# What you are asked to do
Please repeat the entries word for word and keep the images out.

Saved data entries:
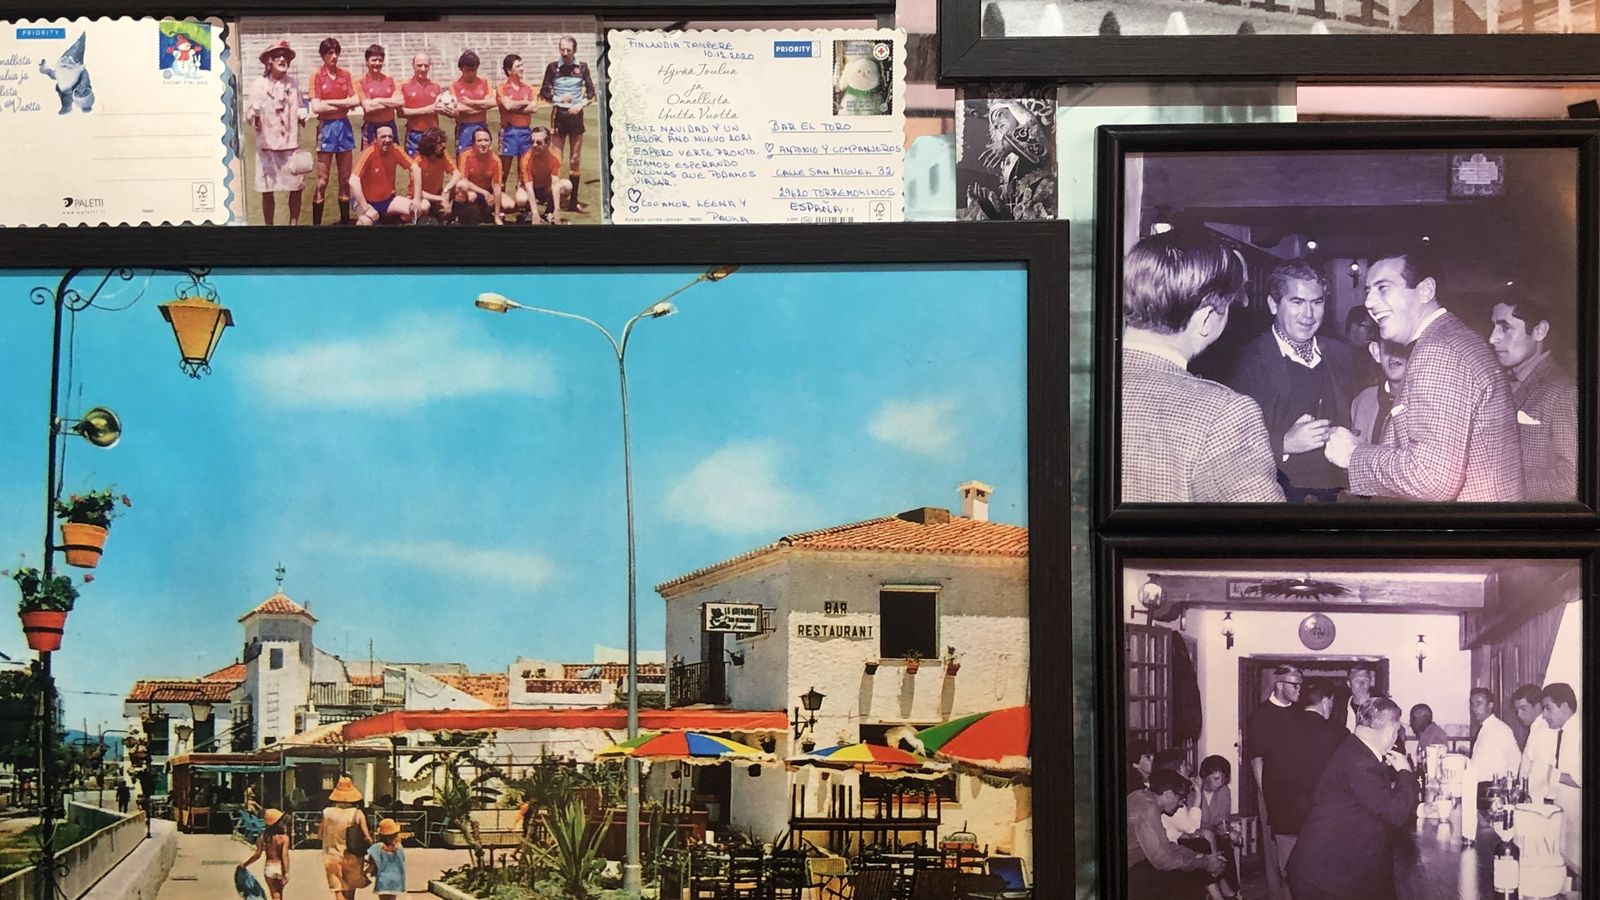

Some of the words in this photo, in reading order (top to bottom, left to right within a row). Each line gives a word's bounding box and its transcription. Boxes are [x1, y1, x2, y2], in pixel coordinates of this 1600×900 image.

[626, 37, 680, 49] FINLANDIA
[683, 40, 733, 50] TAMPERE
[775, 45, 811, 53] PRIORITY
[698, 62, 737, 76] Joulua
[684, 82, 703, 96] ja
[667, 93, 730, 105] Onnellista
[699, 107, 740, 120] Vuotta
[626, 123, 655, 132] FELIZ
[660, 125, 709, 134] NAVIDAD
[713, 124, 720, 133] Y
[768, 120, 797, 132] BAR
[820, 122, 852, 131] TORO
[628, 134, 663, 143] MEJOR
[634, 147, 673, 157] ESPERO
[779, 145, 818, 154] ANTONIO
[822, 144, 829, 154] Y
[626, 158, 670, 168] ESTAMOS
[675, 160, 738, 169] ESPERANDO
[681, 171, 706, 179] QUE
[776, 168, 805, 176] CALLE
[809, 168, 829, 176] SAN
[833, 167, 872, 176] MIGUEL
[878, 166, 895, 176] 32
[812, 188, 896, 197] TORREMOLINOS
[75, 198, 104, 207] PALETTI
[641, 200, 658, 208] CON
[662, 201, 690, 209] AMOR
[739, 199, 747, 207] Y
[824, 601, 847, 614] BAR
[798, 624, 873, 637] RESTAURANT

# Expected output
Some of the words in this photo, in reading order (top to bottom, left to right within a row). Each line gives a word's bounding box and its transcription. Boxes are [x1, y1, x2, y2], in pixel coordinates of this 1600×900 image.

[626, 37, 680, 49] FINLANDIA
[683, 40, 733, 50] TAMPERE
[775, 45, 811, 53] PRIORITY
[698, 62, 737, 76] Joulua
[684, 82, 703, 96] ja
[667, 93, 730, 105] Onnellista
[699, 107, 740, 120] Vuotta
[626, 123, 655, 132] FELIZ
[660, 125, 709, 134] NAVIDAD
[713, 124, 720, 133] Y
[768, 120, 797, 132] BAR
[820, 122, 852, 131] TORO
[628, 134, 663, 143] MEJOR
[634, 147, 673, 157] ESPERO
[779, 145, 818, 154] ANTONIO
[822, 144, 829, 154] Y
[626, 158, 670, 168] ESTAMOS
[675, 160, 738, 169] ESPERANDO
[681, 171, 706, 179] QUE
[776, 168, 805, 176] CALLE
[809, 168, 829, 176] SAN
[833, 167, 872, 176] MIGUEL
[878, 166, 895, 176] 32
[812, 188, 896, 197] TORREMOLINOS
[75, 198, 104, 207] PALETTI
[641, 200, 658, 208] CON
[662, 201, 690, 209] AMOR
[739, 199, 747, 207] Y
[824, 601, 847, 614] BAR
[798, 624, 873, 637] RESTAURANT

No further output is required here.